Shaken by the timing of the arrival, Haroon had had to break the silence to tell his wife that some guests were expected. She stood by the window, staring outside at nothing in particular and snapped: “When are they coming? How long will they be here?”
As he called up Chandan to say “Of course, you’ll stay at our place… No, no, I will have none of it”, he overheard Jemima calling up her mother, like she usually did after a fight. Her parents had said, after Haroon and Jemima’s last fight, “Enough is enough. We will come and take our daughter away.” Ever since an uneasy calm had descended on the house. He had no clue if they meant to carry out the threat but the silence at home only left the door ajar for speculation of all kind.

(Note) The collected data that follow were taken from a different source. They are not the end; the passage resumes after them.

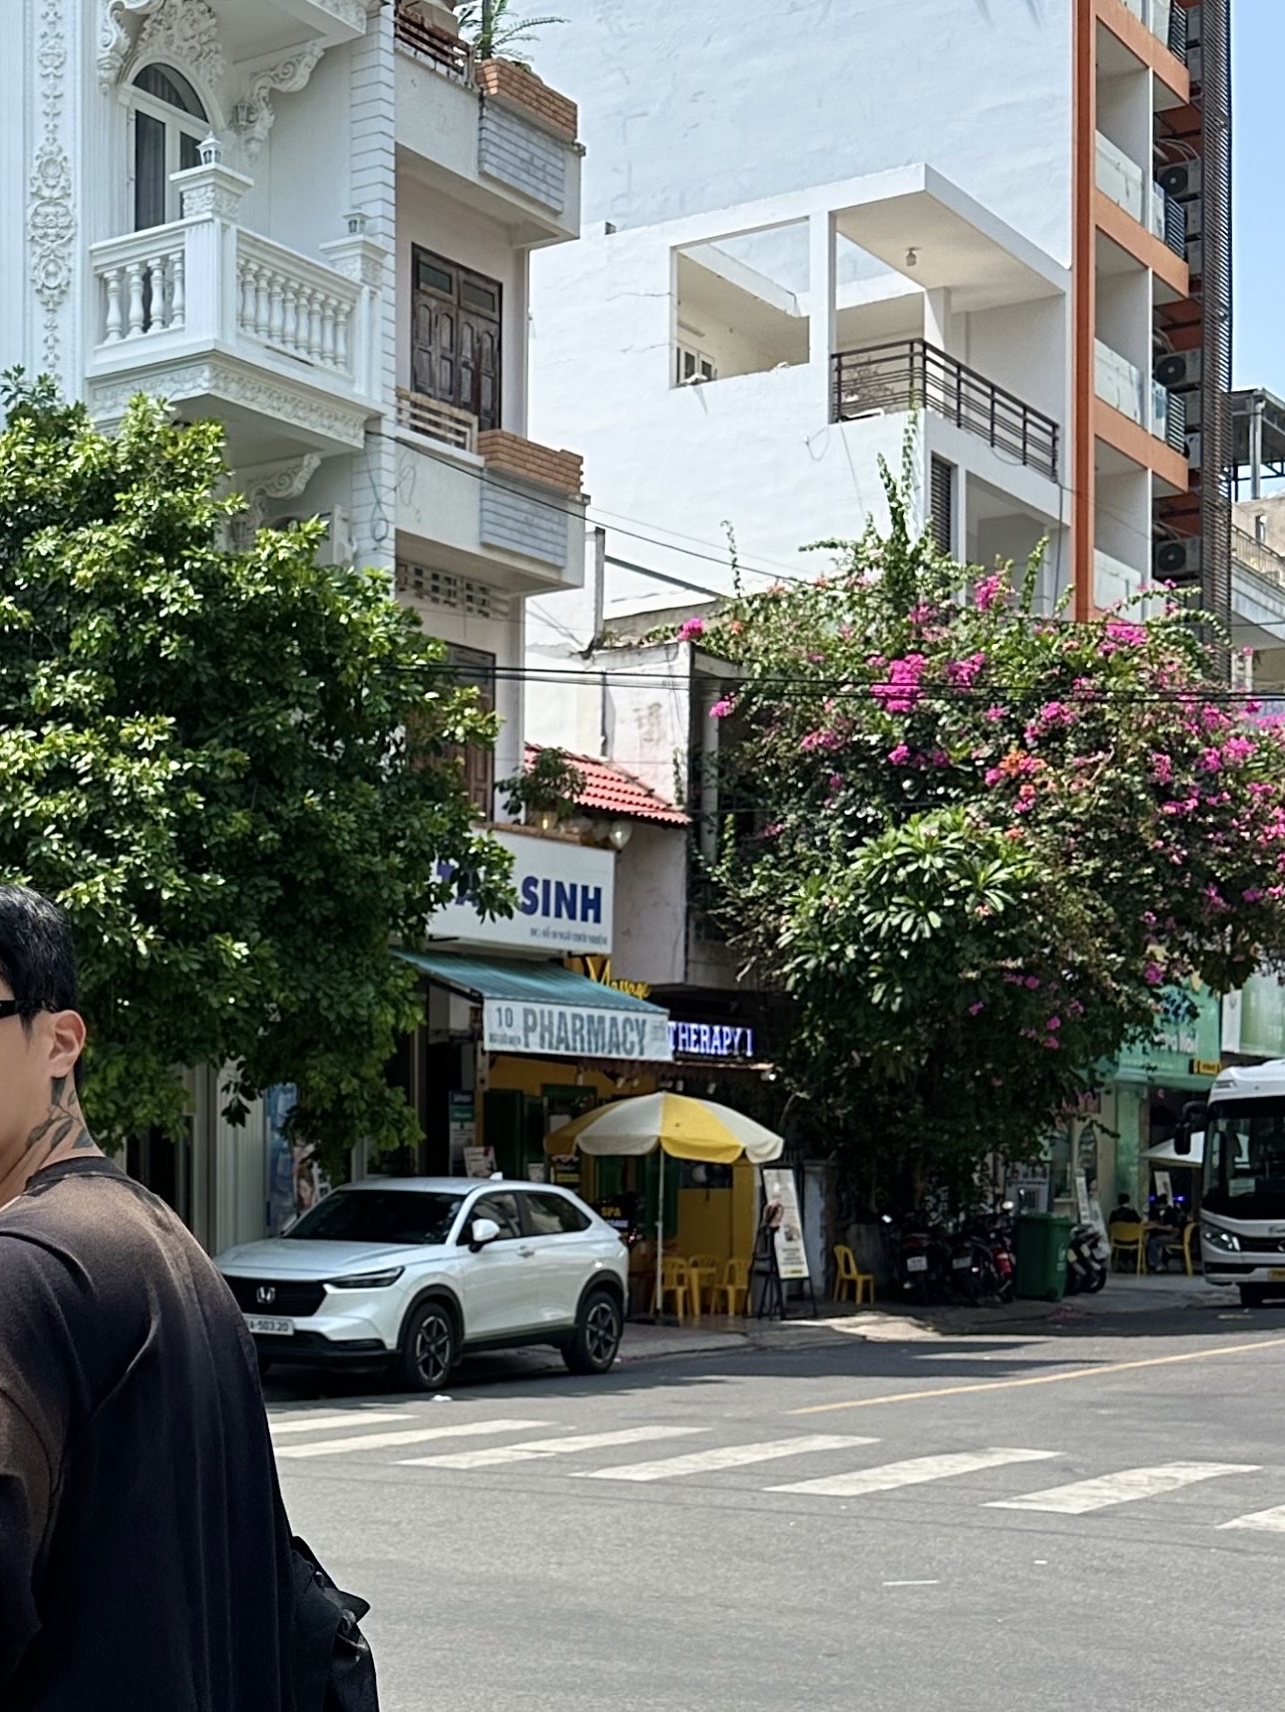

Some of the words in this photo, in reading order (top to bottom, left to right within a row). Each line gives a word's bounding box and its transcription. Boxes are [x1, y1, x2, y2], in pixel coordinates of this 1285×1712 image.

[520, 875, 602, 924] SINH
[496, 1007, 514, 1028] 10
[523, 1007, 647, 1057] PHARMACY
[667, 1021, 742, 1056] THERAPY
[601, 1206, 622, 1217] SPA

Chandan and Chitra turned out to be a vivacious couple — they got along like a house on fire, highlighting to him what was missing in his own married life. They let go of no opportunity to hold hands, to hug and loved Haroon and Jemima’s son like he was their own, indications that happily ever after too existed in some marriages. Haroon tried his best to brush his fractured relationship under the carpet, smiling whenever the situation warranted, cracking a joke with Jemima, even though she mostly didn’t respond. Jemima joked with Chandan though, like one would with a husband’s brother. Haroon was more reserved and yet courteous with his “Bhabhi”.
Once the bedroom doors closed at night, their son, Aeshan, came between them on the bed, as much a partition as a glue. But when they entered the living room in the morning, the façade of warmth returned for the guests’ eyes.

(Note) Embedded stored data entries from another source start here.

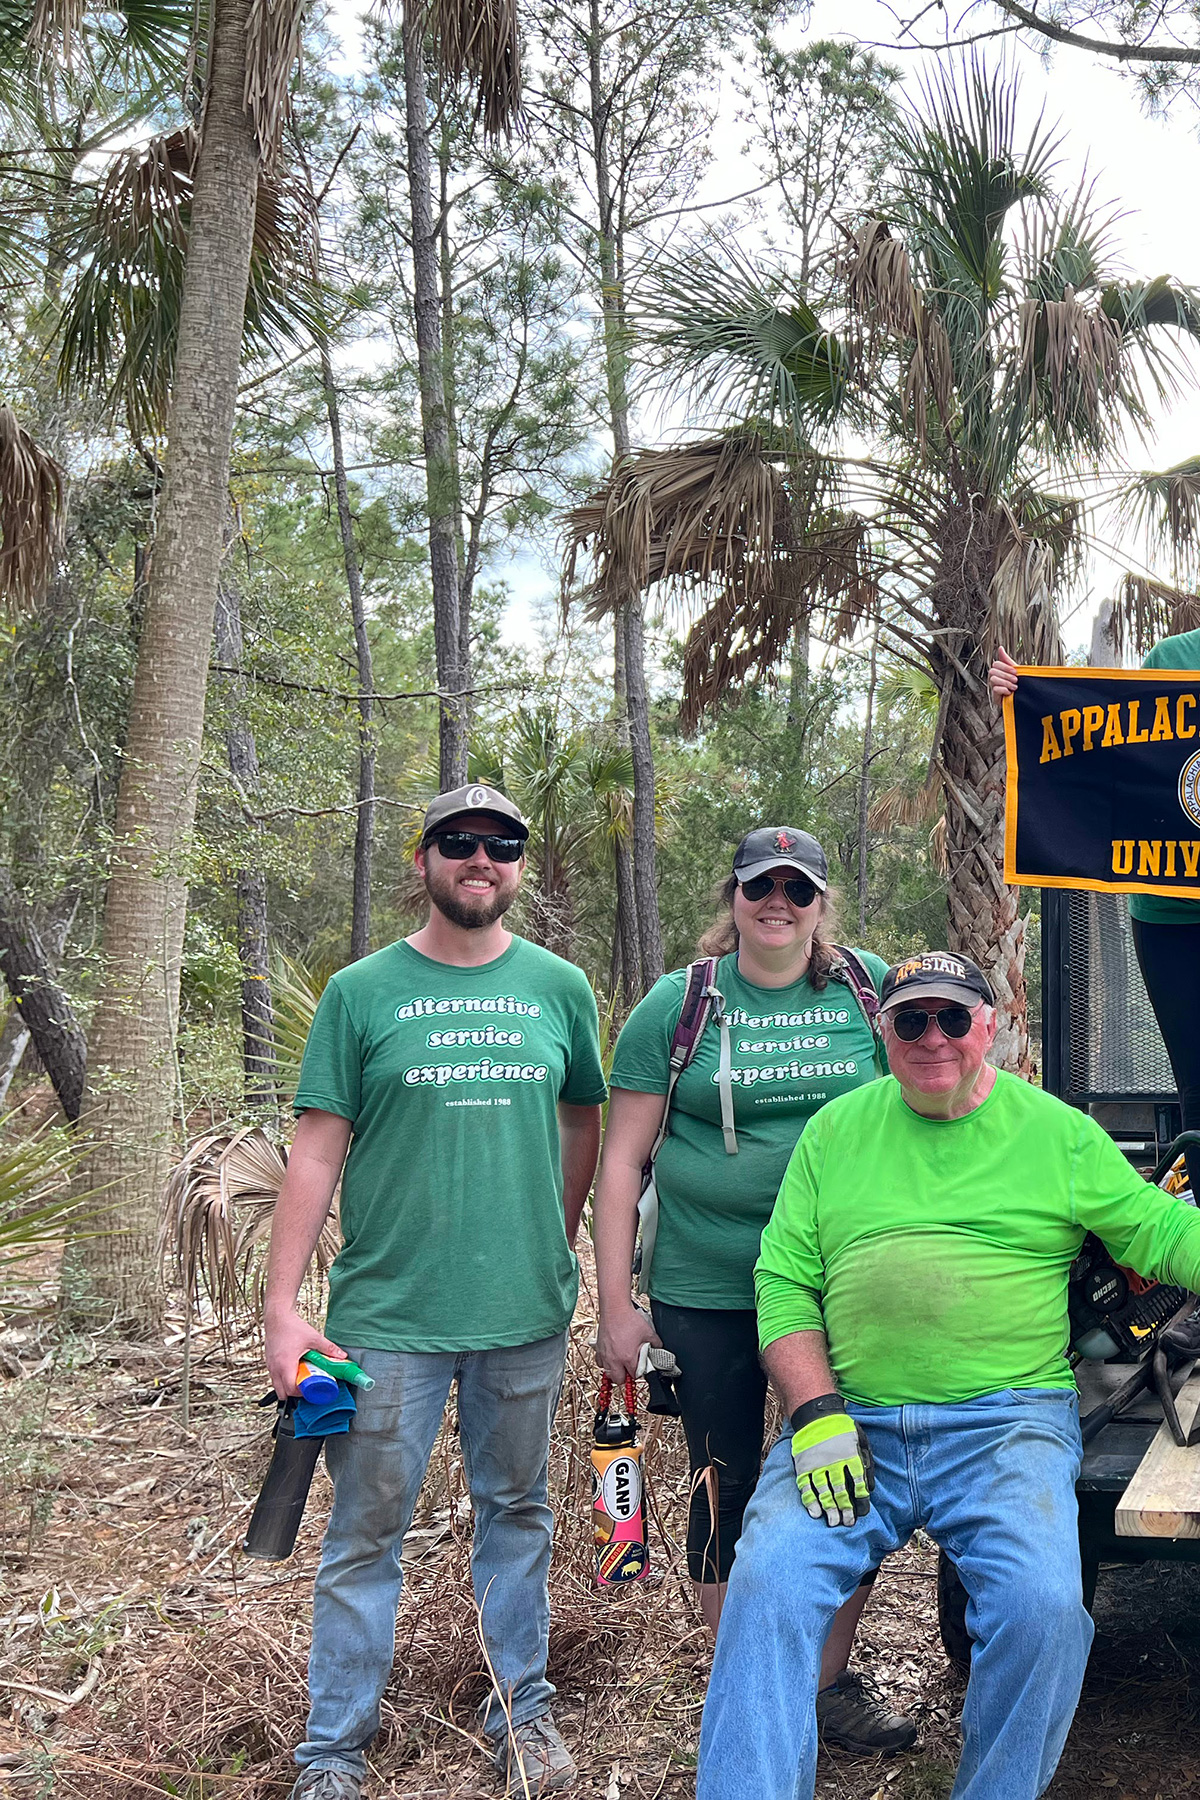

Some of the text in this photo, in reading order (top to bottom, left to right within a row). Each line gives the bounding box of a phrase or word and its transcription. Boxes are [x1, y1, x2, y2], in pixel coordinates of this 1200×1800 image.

[922, 957, 966, 980] STATE
[397, 996, 542, 1020] alternative
[427, 1025, 523, 1047] service
[737, 1035, 830, 1053] service
[404, 1059, 548, 1085] experience
[445, 1098, 511, 1107] established 1988
[755, 1092, 826, 1104] established 1988
[1092, 1280, 1115, 1302] ECHO
[615, 1462, 630, 1517] GANP

Mumbai brought out the child in Chandan. On the local to Bandra, he had screamed, much to other passenger’s glee, “Mumbai ka don kaun (Who’s the don of Mumbai)” while pointing to himself, as his wife nudged him with an indulgent smile.

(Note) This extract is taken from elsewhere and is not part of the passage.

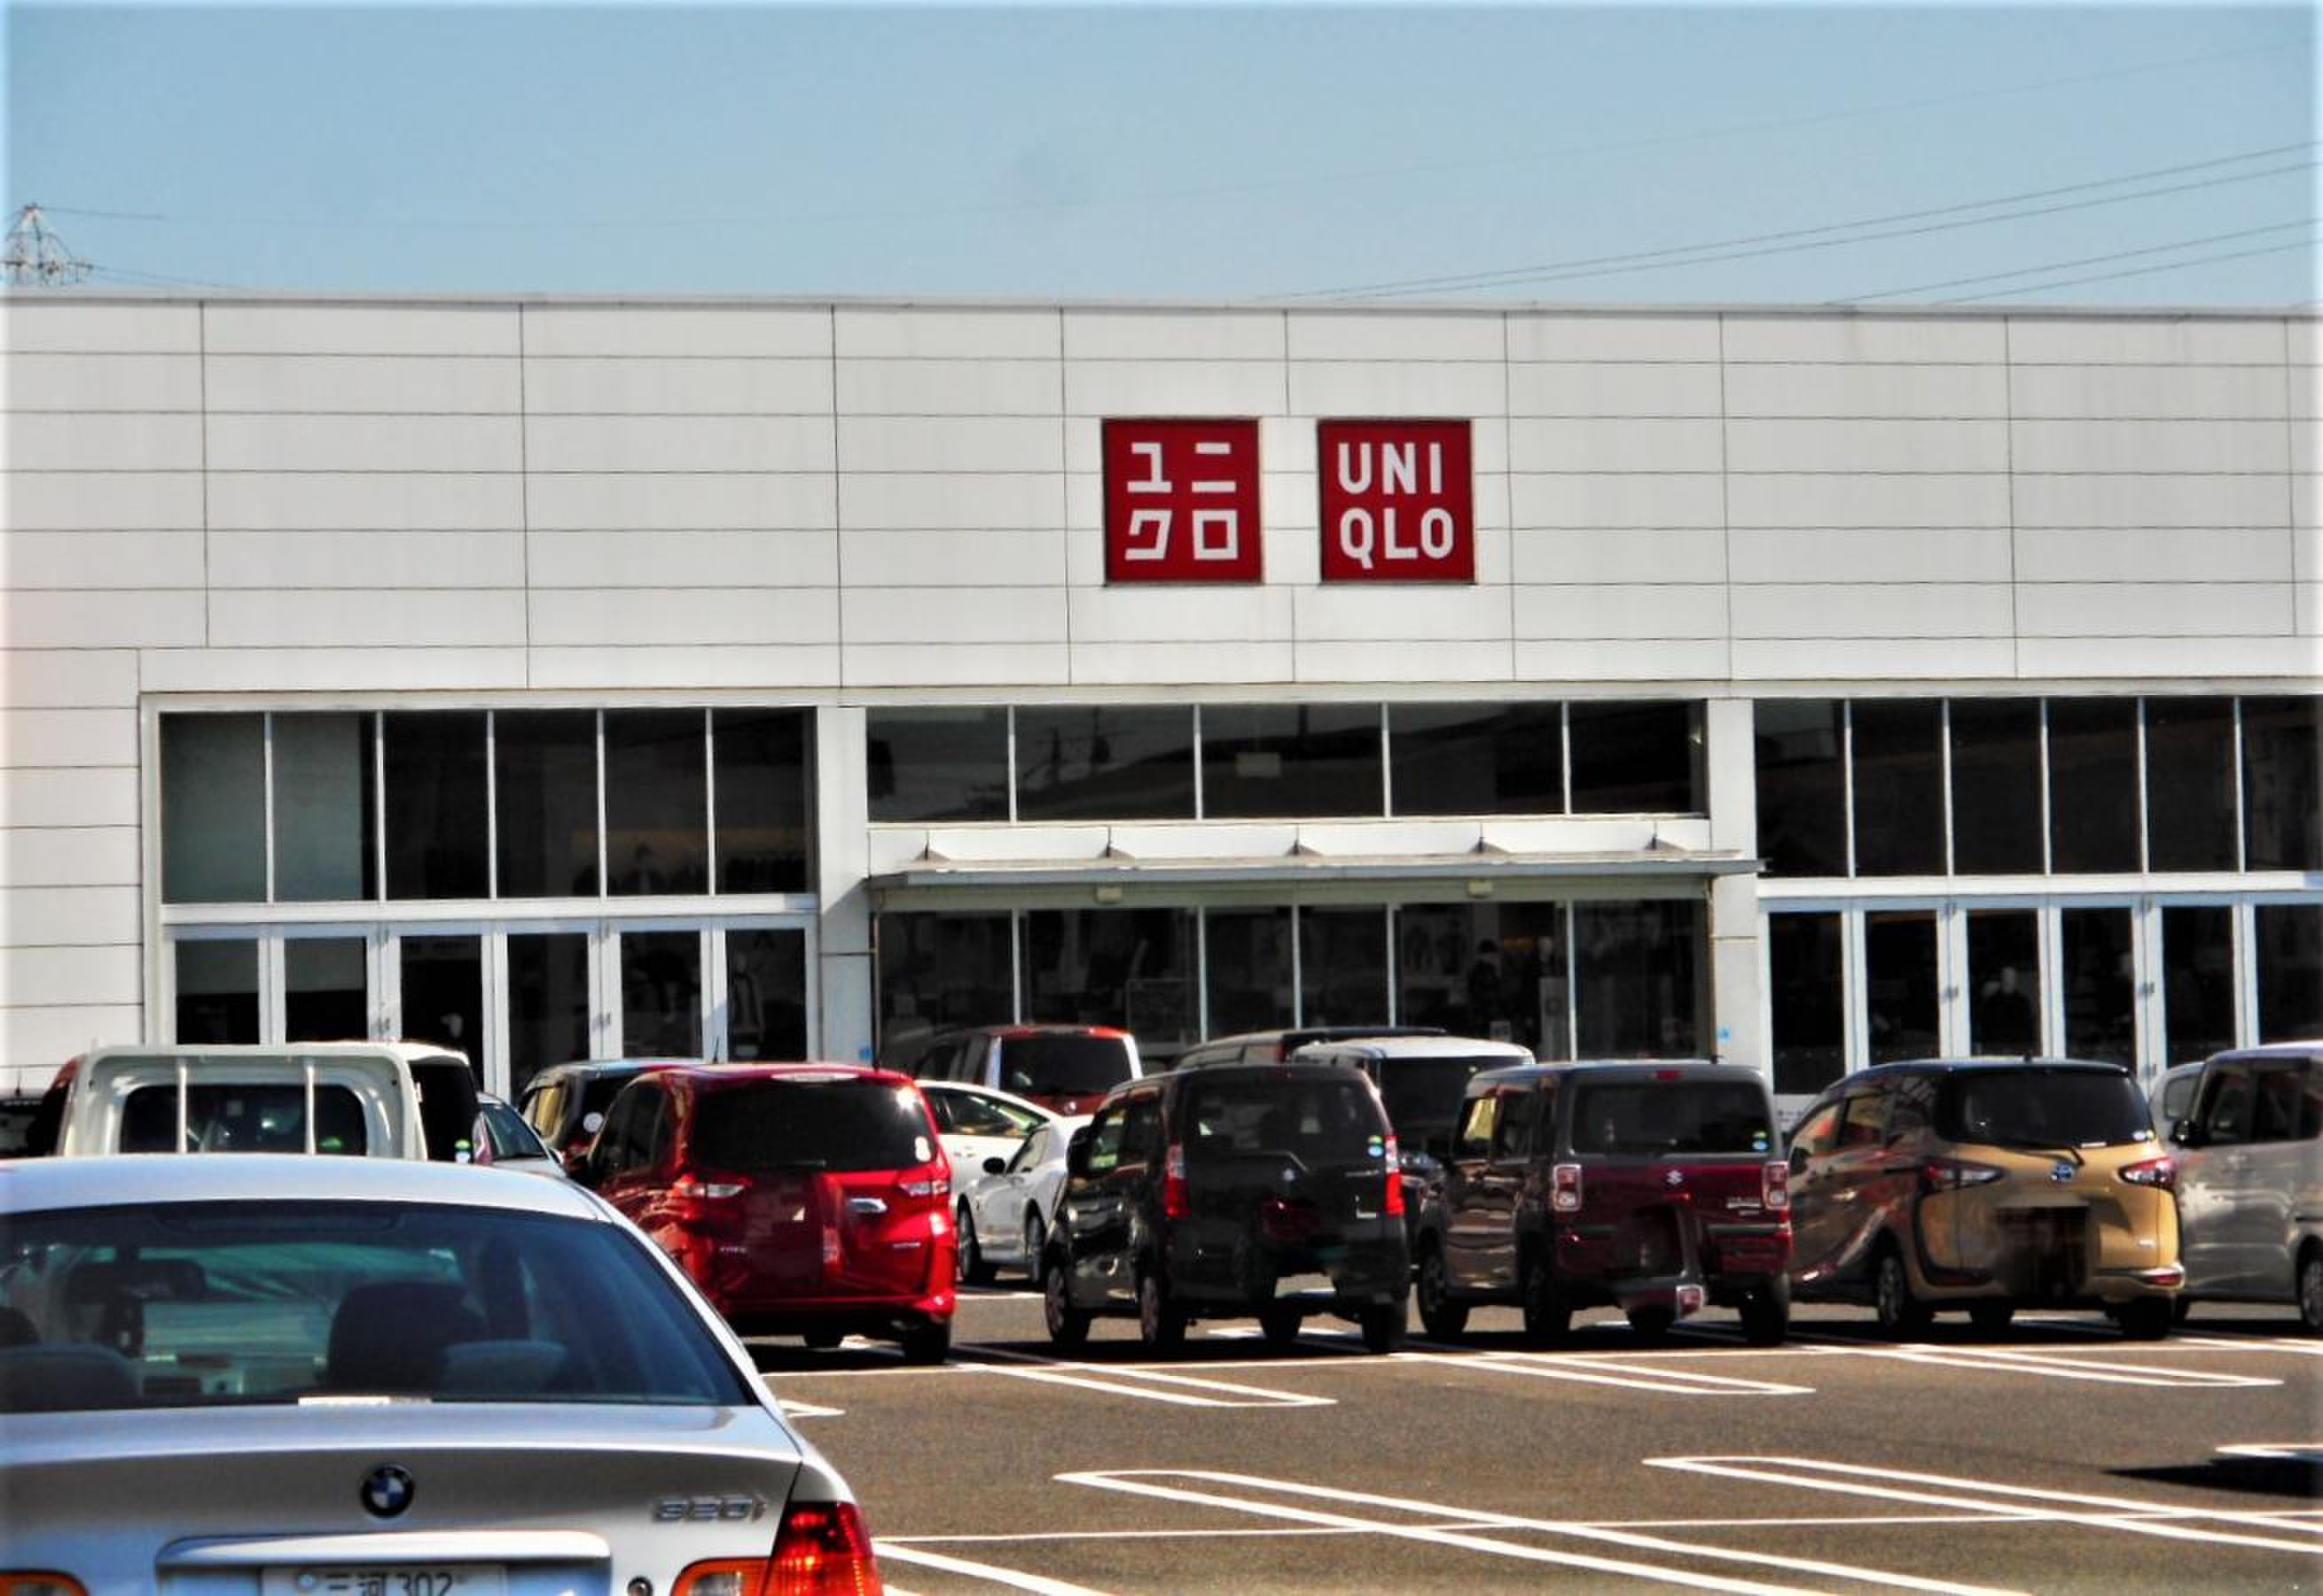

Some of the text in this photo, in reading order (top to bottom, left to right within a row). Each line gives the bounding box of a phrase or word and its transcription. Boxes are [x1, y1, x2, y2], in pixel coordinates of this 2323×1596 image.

[1127, 442, 1237, 493] ユニ
[1337, 442, 1443, 495] UNI
[1124, 508, 1239, 560] クロ
[1340, 507, 1454, 568] QLO

On seeing Chandan hold Chitra’s arms from behind, recreating the famed scene from Titanic, while standing near the rocky sea at the Bandra Bandstand, Haroon remarked to Jemima: “See, how much she loves him?” She gave no reply.
The guests were loving every bit of Bandstand, wetting their feet briefly and running away before a wave did greater damage. Just then a jet took off from the nearby domestic airport and the playful couple looked up in synchrony, their hands going to their mouths, as they together mimicked the aircraft’s sonic boom. To the onlooker, the guests, though older than their hosts, would have appeared like a newly married couple. Haroon and Jemima, in contrast, came across as too old for such frivolity. That something was missing in the relationship stood out because of the exuberance the other couple displayed.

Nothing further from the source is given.